Behavioral Counseling for Cardiovascular Disease Prevention in Primary Care Settings: A Systematic Review of Practice and Associated Factors

1Mannheim Institute of Public Health, Social and Preventive Medicine, Medical Faculty Mannheim, Heidelberg University, Germany.
Medical Care Research and Review (Impact Factor: 2.62). 03/2012; 69(5):495-518. DOI: 10.1177/1077558712441084
Source: PubMed


Cardiovascular disease carries a substantial public health burden. Physician advice on modifying behavioral risk factors is effective, yet the practice of and factors associated with behavioral counseling in primary care have not been systematically investigated.
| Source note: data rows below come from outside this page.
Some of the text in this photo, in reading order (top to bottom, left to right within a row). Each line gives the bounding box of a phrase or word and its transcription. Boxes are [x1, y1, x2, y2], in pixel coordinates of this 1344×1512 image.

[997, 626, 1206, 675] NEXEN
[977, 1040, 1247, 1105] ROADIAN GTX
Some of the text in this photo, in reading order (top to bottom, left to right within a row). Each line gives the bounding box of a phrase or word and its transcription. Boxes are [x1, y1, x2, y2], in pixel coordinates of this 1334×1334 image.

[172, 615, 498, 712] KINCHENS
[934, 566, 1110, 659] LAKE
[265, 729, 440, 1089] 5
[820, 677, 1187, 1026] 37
The authors conducted a systematic review that identified 18 studies providing data on 6,338 physicians. The provision of preventive services differed by patients' individual risk. Physicians' counseling on smoking cessation was most commonly reported. The proportions of physicians counseling about nutrition and physical activity were notably lower and few physicians took further action by using more intensive counseling approaches. As studies were mainly based on self-reports, current delivery of preventive services may be overestimated. There is a need to increase the frequency of behavioral counseling in primary care settings, particularly for nutrition and physical activity, and to emphasize that counseling may also benefit individuals without cardiovascular disease risk factors.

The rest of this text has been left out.